##### Dataset content #####

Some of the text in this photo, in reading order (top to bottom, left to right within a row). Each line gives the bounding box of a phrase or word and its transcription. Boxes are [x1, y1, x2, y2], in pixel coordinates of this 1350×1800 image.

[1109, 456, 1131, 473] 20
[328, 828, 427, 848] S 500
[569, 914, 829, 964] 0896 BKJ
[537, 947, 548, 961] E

#####

=== What is being asked ===
Write out every entry verbatim.

=== Exercise response ===
Some of the text in this photo, in reading order (top to bottom, left to right within a row). Each line gives the bounding box of a phrase or word and its transcription. Boxes are [x1, y1, x2, y2], in pixel coordinates of this 1350×1800 image.

[1109, 456, 1131, 473] 20
[328, 828, 427, 848] S 500
[569, 914, 829, 964] 0896 BKJ
[537, 947, 548, 961] E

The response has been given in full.